In the realm of currencies, the US dollar was on track for its most substantial quarterly gain in a year, continuing its winning streak for the 11th consecutive week. Meanwhile, the Japanese yen remained under close scrutiny for potential government intervention.
The yen exhibited a 0.07% weakening against the greenback, with an exchange rate of 149.43 yen per dollar. The dollar index, measuring the dollar against a basket of major currencies, rose by 0.038%, while the euro posted a 0.09% increase to reach $1.0568.
Sterling was last traded at $1.22, reflecting a marginal 0.02% increase, following data indicating that Britain's economic performance since the onset of the COVID-19 pandemic was stronger than previously estimated.
The initial week of October marks the commencement of the fourth quarter, featuring two significant central bank meetings and numerous noteworthy economic events. It's important to note that mainland China's stock markets will remain closed throughout the week in observance of the National Day holiday, with Hong Kong following suit but only on Monday.
To begin, the United States is set to unveil a highly anticipated employment report for September on Friday. Economists anticipate an addition of 163,000 jobs to the economy last month, which represents a slight deceleration from the 187,000 jobs added in August. A reading that surpasses expectations could reinforce the Federal Reserve's commitment to keeping interest rates higher for a longer duration, potentially exerting downward pressure on the financial markets.
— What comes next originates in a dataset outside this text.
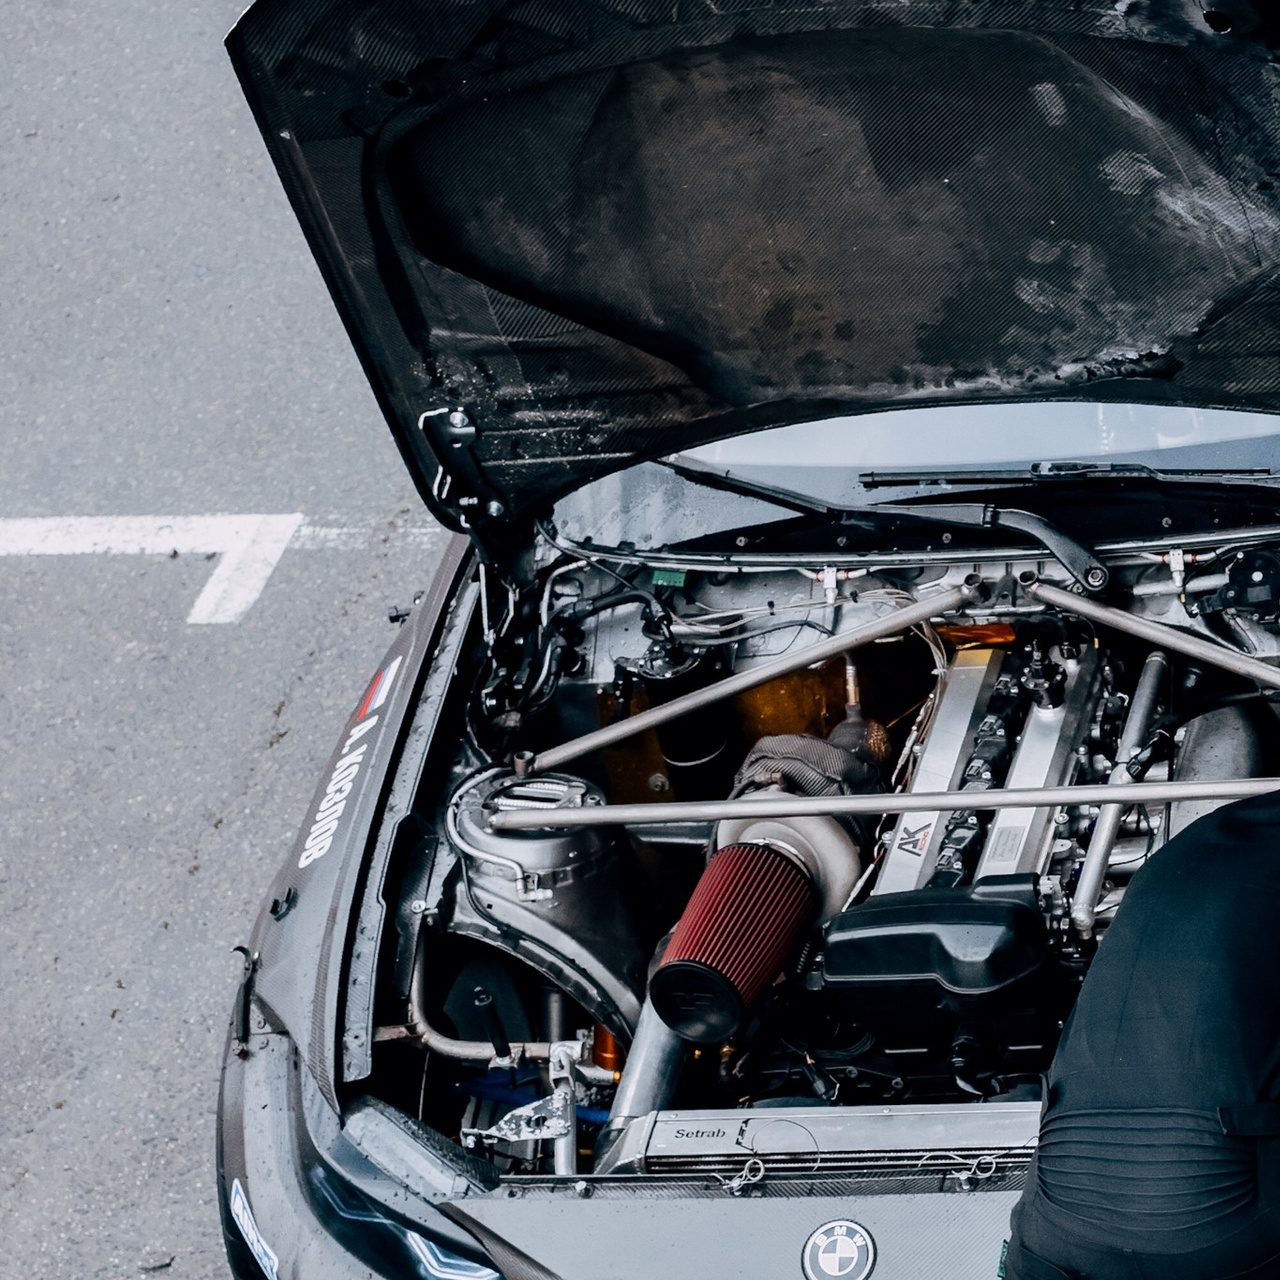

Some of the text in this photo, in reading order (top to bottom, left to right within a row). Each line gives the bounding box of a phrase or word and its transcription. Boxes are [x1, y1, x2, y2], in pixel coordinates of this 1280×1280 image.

[298, 743, 368, 869] КОЗЛОВ
[897, 822, 932, 858] AK
[673, 1127, 727, 1140] Setrab
[814, 1225, 867, 1247] BMW
Leading up to Friday's report, we will see the release of the JOLTS jobs report for August on Tuesday. This will be followed by the ADP National Employment report, which provides an update on private sector hiring and is expected to indicate a moderation in job growth.
Additionally, on Monday, the Institute for Supply Management will publish its September manufacturing Purchasing Managers' Index (PMI), which is anticipated to remain in contraction territory for the eleventh consecutive month. The ISM services PMI, scheduled for release on Wednesday, is expected to show slightly slower growth.
The fourth quarter is commencing after a lackluster performance in the third quarter for stock markets. During the quarter, the S&P 500 declined by approximately 3.6%, the Dow by 2.6%, and the Nasdaq by 4.1%. In September alone, the S&P 500 dropped by 4.9%, the Dow fell by 3.5%, and the Nasdaq declined by 5.8%.
Heightened bond yields are unsettling stock markets, with concerns arising about the lofty valuations of mega-cap companies such as Apple (NASDAQ: AAPL), Microsoft (NASDAQ: MSFT), Alphabet (NASDAQ: GOOGL), and Amazon (NASDAQ: AMZN) possibly becoming a vulnerability. Stocks of tech and growth-oriented firms, which often rely on robust future profit growth projections, tend to suffer more when bond yields rise, as their expected earnings are discounted more severely.
Nonetheless, the fourth quarter will bring another earnings season. While the AI sector's performance remains crucial, lingering questions persist regarding the extent of its contribution to overall profits.
On Tuesday, the Reserve Bank of Australia will convene its first meeting with new governor Michele Bullock, who is the first woman to lead the bank. Investors will be closely monitoring any hints regarding the RBA's stance on interest rate hikes, especially in light of recent signs of persistent inflationary pressures in the service sector. The consensus, however, leans towards a pause in rate adjustments.
Meanwhile, on Wednesday, the Reserve Bank of New Zealand is scheduled to conduct its latest policy meeting. Despite the RBNZ's hawkish position, market observers do not anticipate a rate hike at this meeting. Instead, the focus will be on any indications from officials about a possible move in November.